Two NYU grad students have created high-tech sweatshirts that change colour when exposed to pollution.
With the creation of two NYU graduates, you may soon be wearing clothes that automatically inform you of environment pollution levels. Their high-tech sweatshirts are designed to change colour when exposed to air contamination. Nien Lam and Sue Ngo created the sweatshirt, which is emblazoned with pink lungs that suddenly show blue veins when exposed to dirty air, during a class on wearable technologies in the interactive telecommunications program at Tisch School of the Arts.
"The organs in your body are invisible to you, just like pollution and the other silent killers out there," the New York Daily News quoted Lam, 32, who lives on the upper West Side, as saying.

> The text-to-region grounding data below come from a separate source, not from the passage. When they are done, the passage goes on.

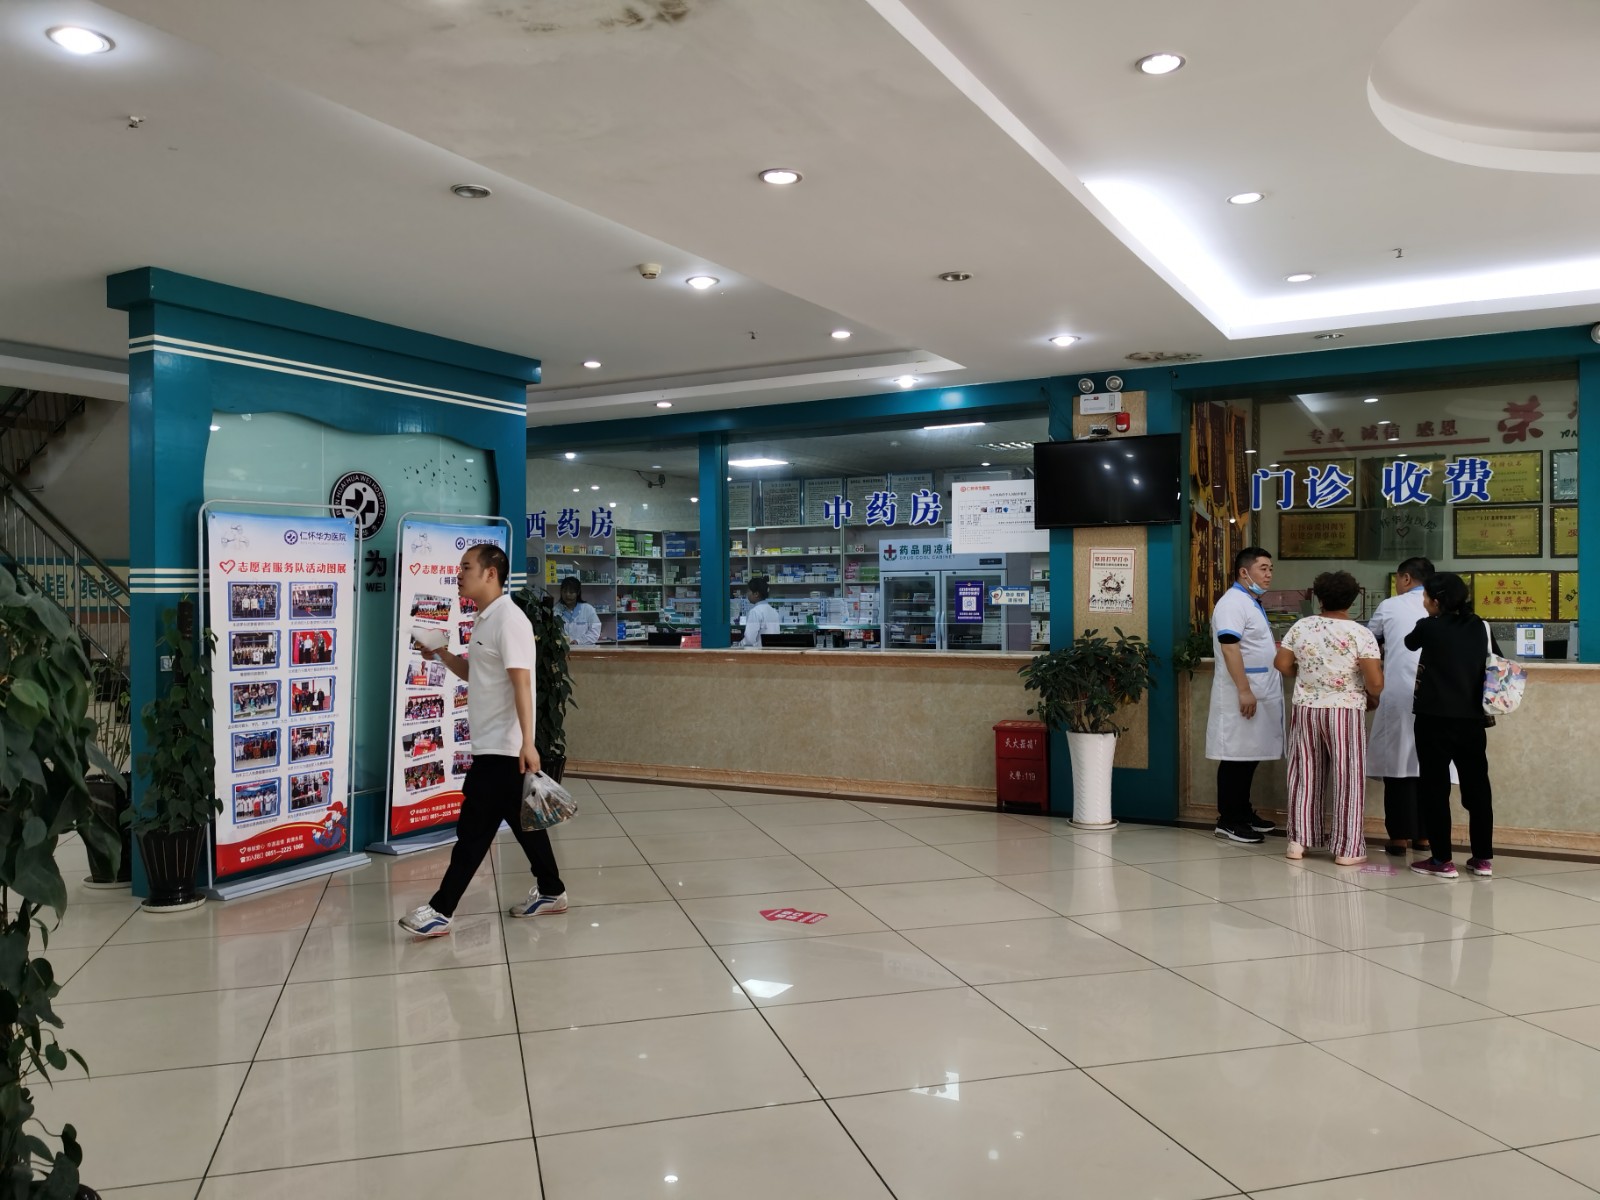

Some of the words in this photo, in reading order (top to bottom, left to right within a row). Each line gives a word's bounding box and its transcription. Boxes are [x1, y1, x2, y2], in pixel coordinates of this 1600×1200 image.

[1308, 428, 1345, 444] 专业
[1361, 422, 1401, 440] 诚信
[1416, 419, 1457, 438] 感恩
[1252, 464, 1354, 511] 门诊
[1382, 458, 1493, 505] 收费
[371, 481, 385, 517] HOSPITAL
[823, 489, 942, 529] 中药房
[526, 507, 614, 539] 西药房
[300, 531, 347, 542] 仁怀华为医院
[238, 561, 347, 575] 志愿者服务队活动图展
[365, 550, 387, 578] 为
[422, 565, 462, 575] 志愿者服务
[365, 582, 387, 593] WEI
[1482, 595, 1536, 605] 志愿服务队
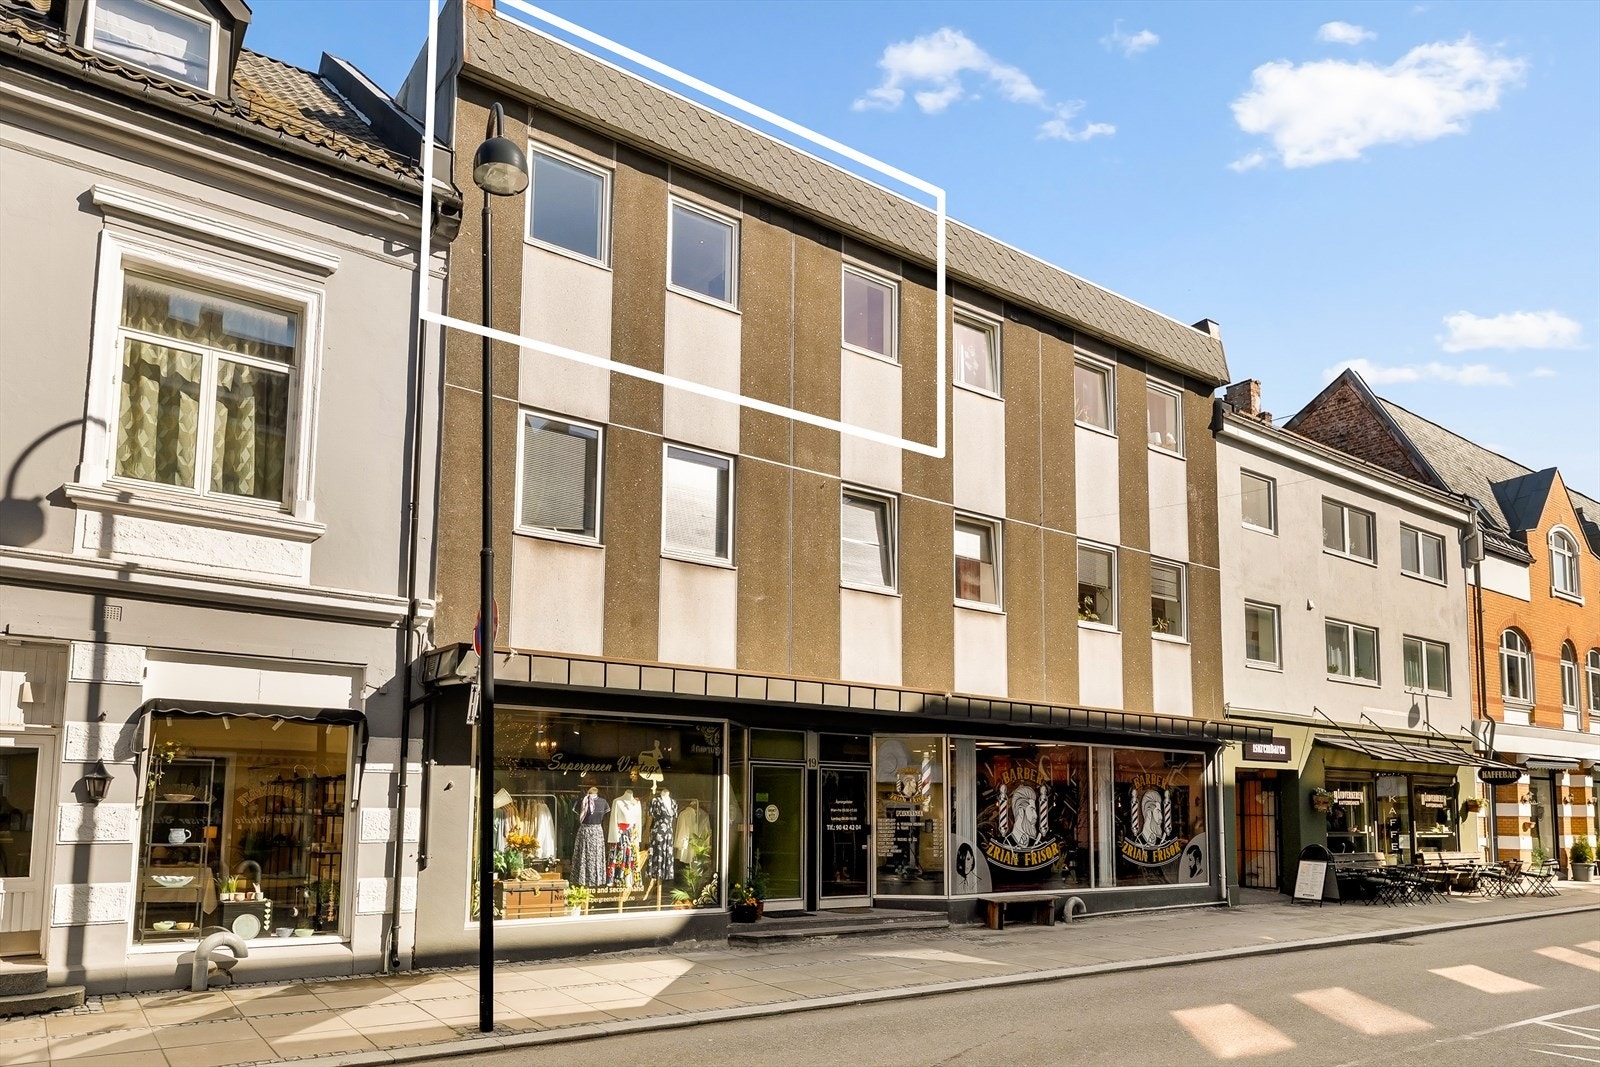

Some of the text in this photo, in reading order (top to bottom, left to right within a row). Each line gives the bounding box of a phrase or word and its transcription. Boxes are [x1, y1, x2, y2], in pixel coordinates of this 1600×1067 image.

[548, 753, 661, 778] Supergreen Vintage
[808, 758, 817, 768] 19
[1002, 767, 1046, 785] BARBER
[1133, 773, 1169, 789] BARBER
[1482, 770, 1518, 779] KAFFEBAR
[1388, 795, 1399, 851] KAFFE
[986, 842, 1019, 866] ZRIAN
[1121, 840, 1181, 863] ZRIAN FRISØR

Ngo, 27, of Fort Greene, Brooklyn added: "We wanted to bring up that visualization, bring the inside out. This is a stark reminder for yourself and others around you."
A dime-sized carbon monoxide sensor attached to the sweatshirt detects pollution from cars, factories, and even second-hand smoke.
It sits on a micro-controller programmed to send electrical currents through the shirt, warming wires that run under the lungs - or on some shirts, a heart.
Because the organs are made of thermochromic fabric that changes colour dramatically when heated, blue veins become visible when the sensor finds toxins in the air.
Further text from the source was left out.